C’est une construction à vitesse éclair… En l’espace de huit jours seulement, la Floride a transformé son ancien aéroport en un centre de rétention pour migrants. Une initiative du gouverneur républicain de Floride Ron DeSantis, connu pour son approche migratoire très offensive, et qui n’a pas hésité à invoquer un « état d’urgence » pour s’arroger les pouvoirs nécessaires. Le 3 juillet dernier, c’est donc au milieu de marécages peuplés d’alligators, dans les Everglades, qu’a vu le jour ce centre, éponyme mais pourtant indépendant de la prison d’Alcatraz. Deux semaines après sa construction, les premiers témoignages de détenus, recueillis notamment par le New York Times et le Washington Post, font froid dans le dos.

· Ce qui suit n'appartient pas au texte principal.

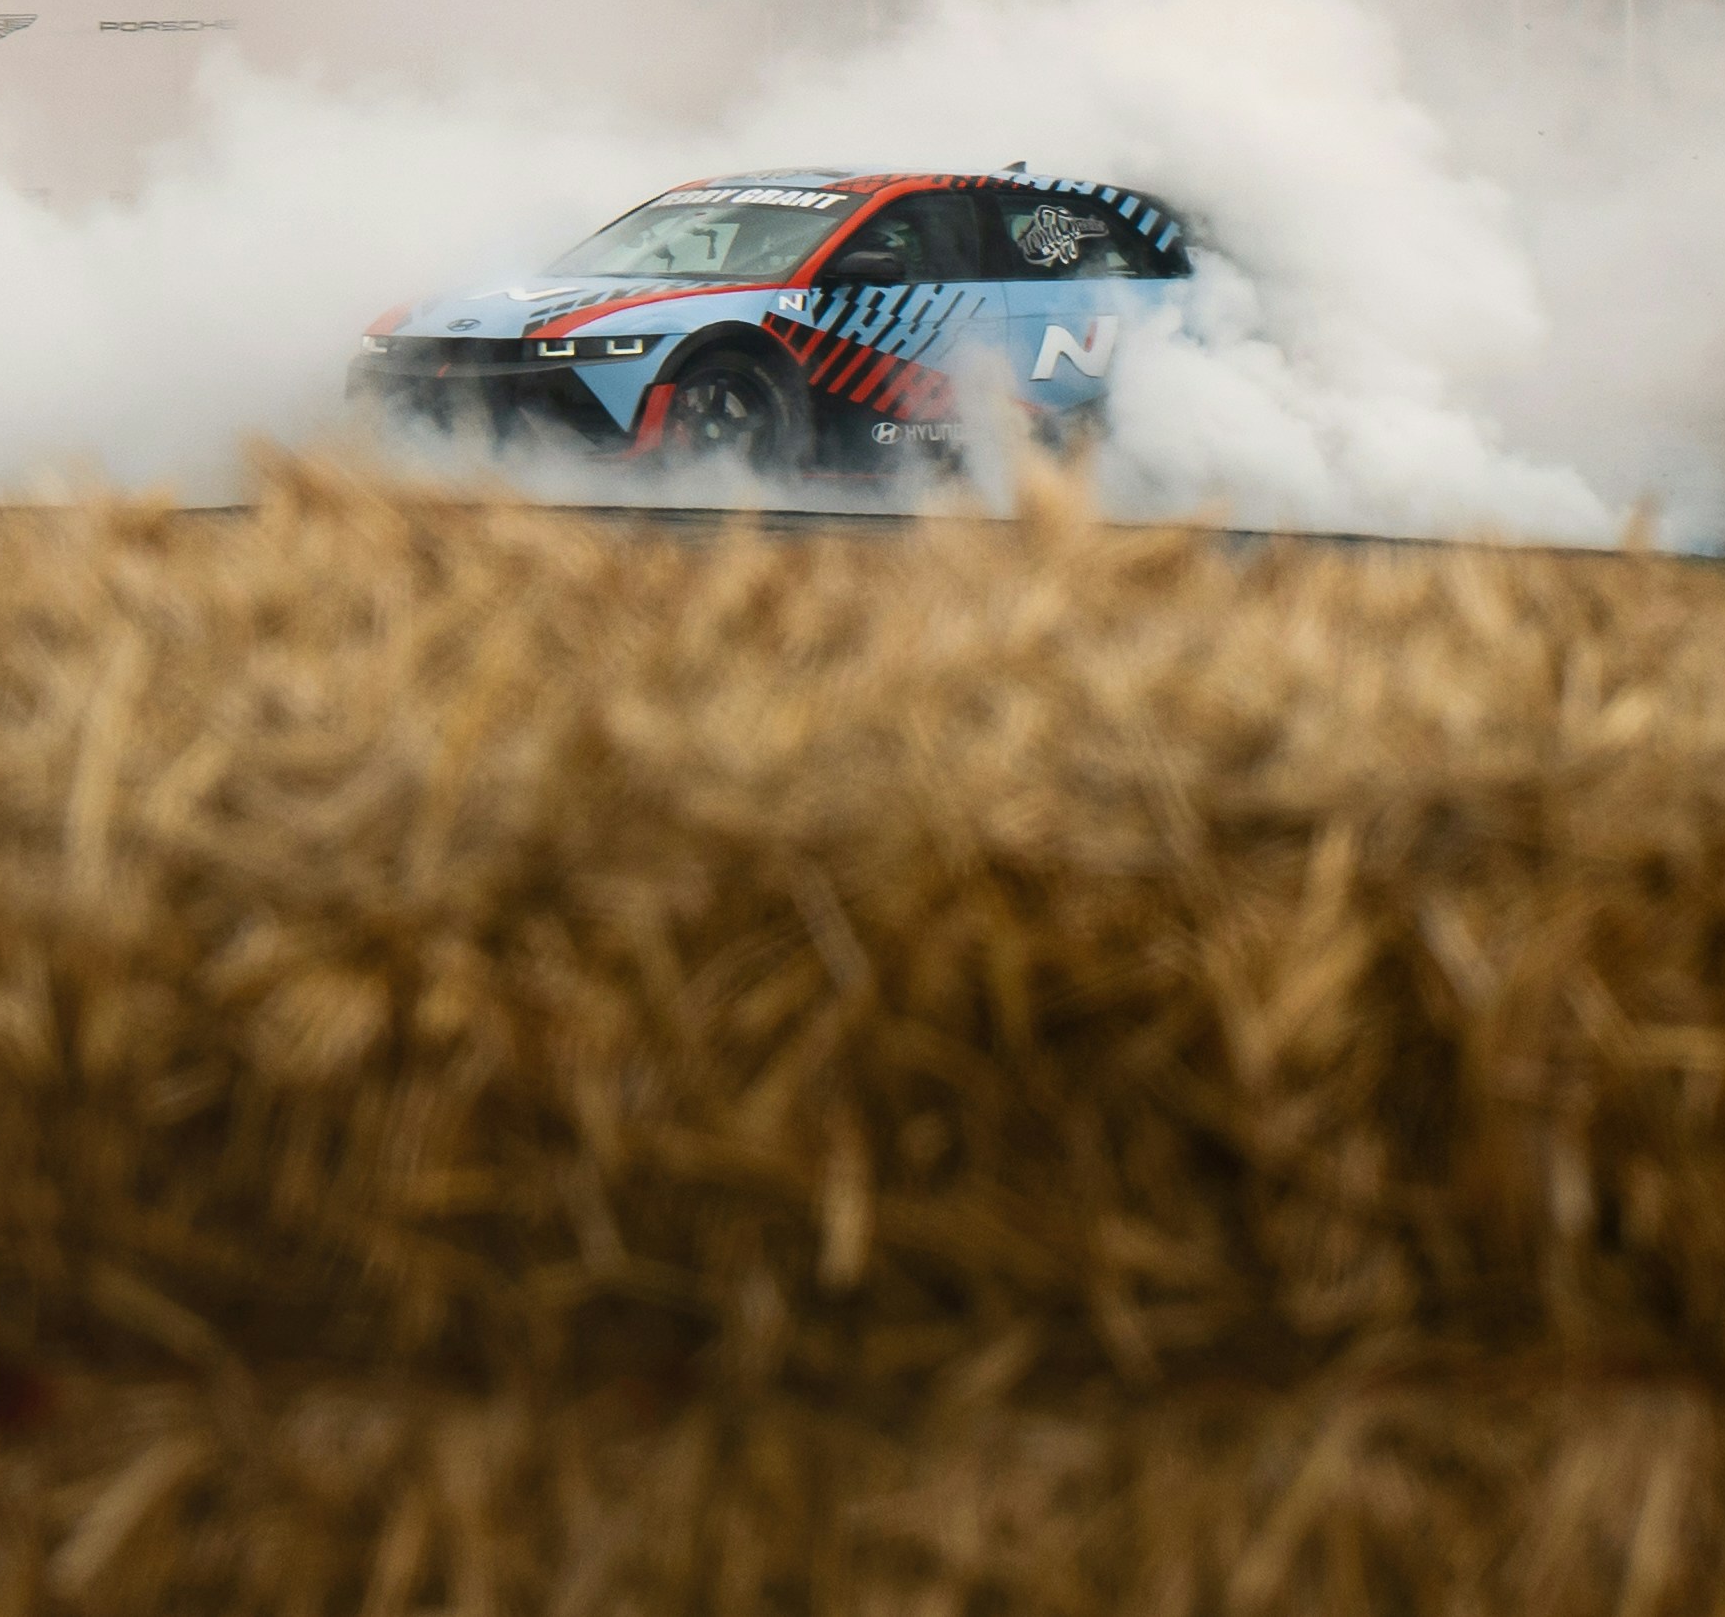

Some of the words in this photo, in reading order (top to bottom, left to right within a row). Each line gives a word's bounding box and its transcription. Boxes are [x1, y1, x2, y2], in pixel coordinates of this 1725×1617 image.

[100, 20, 242, 33] PORSCHE
[730, 188, 849, 210] GRANT
[1029, 315, 1119, 382] N

Violations des droits humains
Ils révèlent des atteintes majeures aux libertés fondamentales, dont la liste semble interminable : accès limité à l’eau ou à des sanitaires fonctionnelles, absence de plats chauds ou de produits d’hygiène de base, omniprésence de moustiques y compris dans les douches, ou encore impossibilité pour les détenus d’avoir des temps de sorties en plein air. Mais ce n’est pas tout : les détenus disent aussi souffrir d’irritations de la peau et avoir pour certains, commencé à tomber malade, le tout amplifié par le manque de sommeil, alors que la lumière reste allumée la nuit sur le site. Le centre compterait actuellement environ 900 détenus, pour la plupart d’origine hispanique, et ambitionnerait d’en accueillir jusqu’à 3000 d’ici la fin de l’année selon les informations du Washington Post. Selon plusieurs membres de l’administration Trump qui se sont confiés anonymement au New York Times, près de la moitié d’entre eux n’ont aucune charge pénale en cours d’examen à leur encontre, et l’écrasante majorité n’a fait l’objet d’aucune condamnation à date.

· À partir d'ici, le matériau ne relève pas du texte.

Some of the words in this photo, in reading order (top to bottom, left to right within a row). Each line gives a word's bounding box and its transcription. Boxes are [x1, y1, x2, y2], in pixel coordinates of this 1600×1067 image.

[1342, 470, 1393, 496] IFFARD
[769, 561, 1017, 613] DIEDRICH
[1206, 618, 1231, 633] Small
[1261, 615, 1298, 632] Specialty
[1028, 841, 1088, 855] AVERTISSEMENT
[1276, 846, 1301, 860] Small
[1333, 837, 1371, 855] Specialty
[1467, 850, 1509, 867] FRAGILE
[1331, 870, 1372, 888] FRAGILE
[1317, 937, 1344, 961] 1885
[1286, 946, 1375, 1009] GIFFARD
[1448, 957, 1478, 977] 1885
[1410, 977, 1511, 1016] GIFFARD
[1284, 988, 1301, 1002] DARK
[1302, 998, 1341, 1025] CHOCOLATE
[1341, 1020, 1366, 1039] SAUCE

Comme l' »Alligator-Alcatraz », la plupart des centres administrés par l’ICE, la police de l’immigration de Donald Trump, sont souvent pointés du doigt pour leur grande promiscuité. Mais celui-ci présente une particularité supplémentaire, à savoir sa localisation, très excentrée. Certains gardiens de prisons disent avoir été mis en garde par les autorités d’une présence d’alligators, de panthères et de serpents venimeux dans les environs. En visite dans ce centre le 1er juillet dernier, Donald Trump avait pour sa part vu dans cet emplacement atypique un atout : « On a beaucoup de flics sous forme d’alligators – vous n’avez pas besoin de les payer autant. Je ne voudrais pas courir longtemps dans les Everglades. Ça gardera les gens là où ils sont censés être », avait-il déclaré.

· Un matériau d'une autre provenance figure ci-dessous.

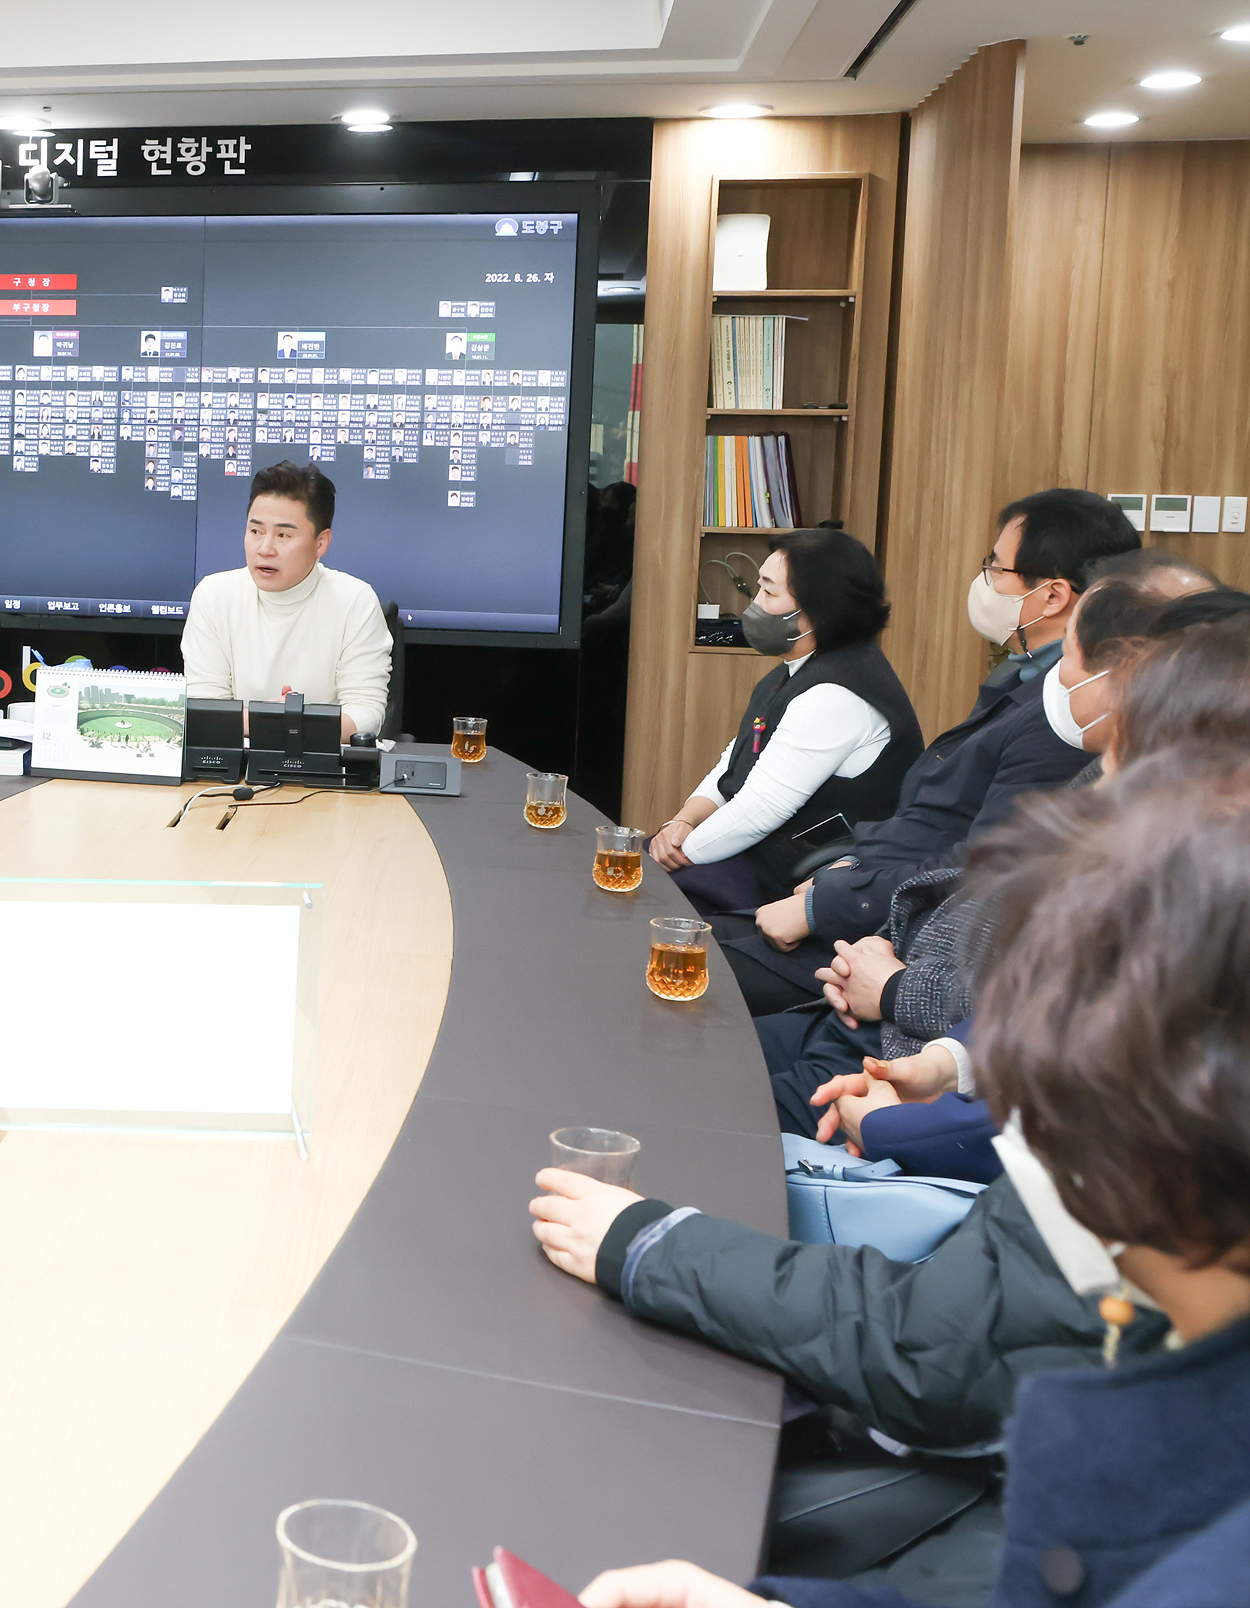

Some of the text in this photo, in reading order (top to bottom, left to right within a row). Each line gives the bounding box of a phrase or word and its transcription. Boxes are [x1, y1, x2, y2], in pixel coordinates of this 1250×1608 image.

[18, 137, 119, 177] 디지털
[140, 136, 252, 176] 현황판
[521, 220, 563, 235] 도봉구
[4, 599, 21, 609] 일정
[47, 600, 80, 611] 업무보고

Recours aux « pouvoirs d’urgence » par la Floride
Le président américain avait également souligné que ce site relevait de la responsabilité de la Floride et non de l’Etat fédéral. Une configuration pour le moins surprenante alors que la gestion de la politique migratoire, et par conséquent des centres de rétention, est une prérogative relevant exclusivement de l’Etat fédéral. Autrement dit, les gouverneurs des différents Etats n’ont pas la permission légale de créer leurs propres systèmes de détention. Mais la Floride semble avoir ouvert une brèche en utilisant les « pouvoirs d’urgence ». Si bien que cinq autres Etats américains veulent désormais emboîter le pas du gouverneur de Floride, selon le Washington Post.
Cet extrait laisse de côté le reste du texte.